Pinto Fernando O, Roberts Irene
Department of Paediatric Haematology, Imperial College Healthcare NHS Trust, London, UK.
Br J Haematol. 2008 May;141(3):309-24. doi: 10.1111/j.1365-2141.2008.07016.x. Epub 2008 Feb 26.
Despite improvements in supportive care, patients with beta-thalassaemia major or sickle cell disease (SCD) may benefit from haematopoietic stem cell transplantation at some point during their lives. Human leucocyte antigen (HLA)-matched sibling bone marrow donors are not always available and alternative sources of stem cells have been sought, including related and unrelated donor cord blood transplants (CBT). The outcome of CBT from related donors for the treatment of both thalassaemia major and SCD is now approaching that for bone marrow transplantation, with around 90% of patients surviving disease-free. The main complication is graft rejection, which may be reduced by increasing pretransplant immune suppression. Transplant-related mortality following HLA-identical matched related donor CBT is extremely low but is significant in the small series of unrelated and/or mis-matched donor CBT. The principal limitation to extending the use of CB stem cells for the cure of haemoglobinopathies is the need to better understand the mechanisms of action and optimal conditioning regimens used to secure long-term engraftment while minimizing morbidity and mortality. Further biological studies and clinical trials are needed to address this aim.

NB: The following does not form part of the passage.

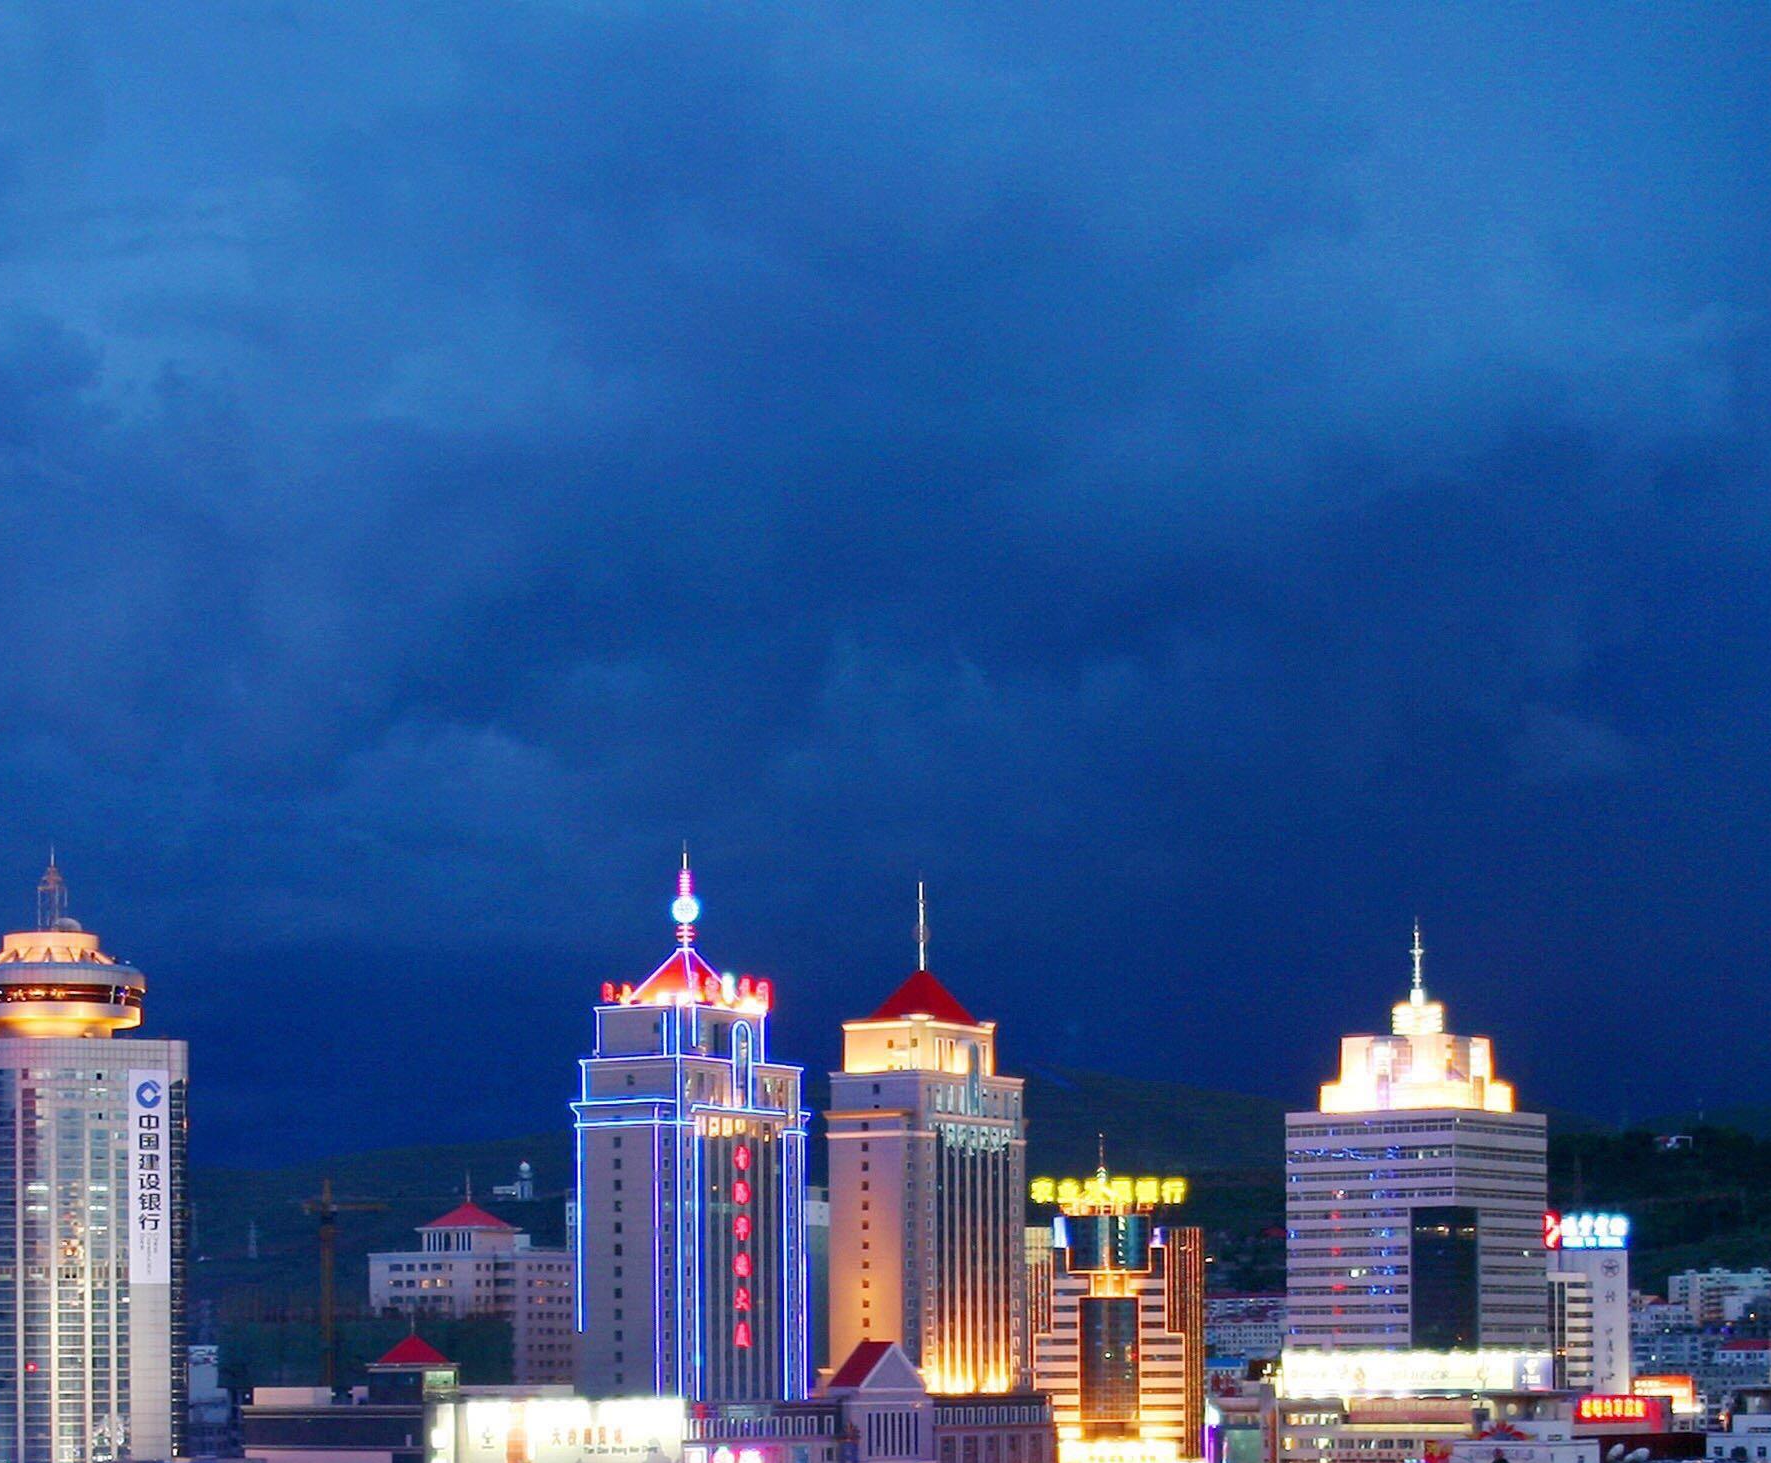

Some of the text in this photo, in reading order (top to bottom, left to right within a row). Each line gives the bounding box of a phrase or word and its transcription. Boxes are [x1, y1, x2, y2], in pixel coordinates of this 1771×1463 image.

[138, 1114, 162, 1230] 中国建设银行

尽管支持性治疗有所改善,但重型β地中海贫血或镰状细胞病(SCD)患者在其生命中的某些时候可能会从造血干细胞移植中获益。人类白细胞抗原(HLA)匹配的同胞骨髓供体并非总是可用,因此一直在寻找干细胞的替代来源,包括相关和无关供体的脐血移植(CBT)。相关供体的CBT治疗重型地中海贫血和SCD的结果现在已接近骨髓移植的结果,约90%的患者无病存活。主要并发症是移植物排斥反应,可通过增加移植前免疫抑制来降低。HLA相同匹配的相关供体CBT后的移植相关死亡率极低,但在少量无关和/或不匹配供体CBT系列中则较为显著。扩大使用脐血干细胞治疗血红蛋白病的主要限制在于需要更好地了解其作用机制以及用于确保长期植入同时将发病率和死亡率降至最低的最佳预处理方案。需要进一步的生物学研究和临床试验来实现这一目标。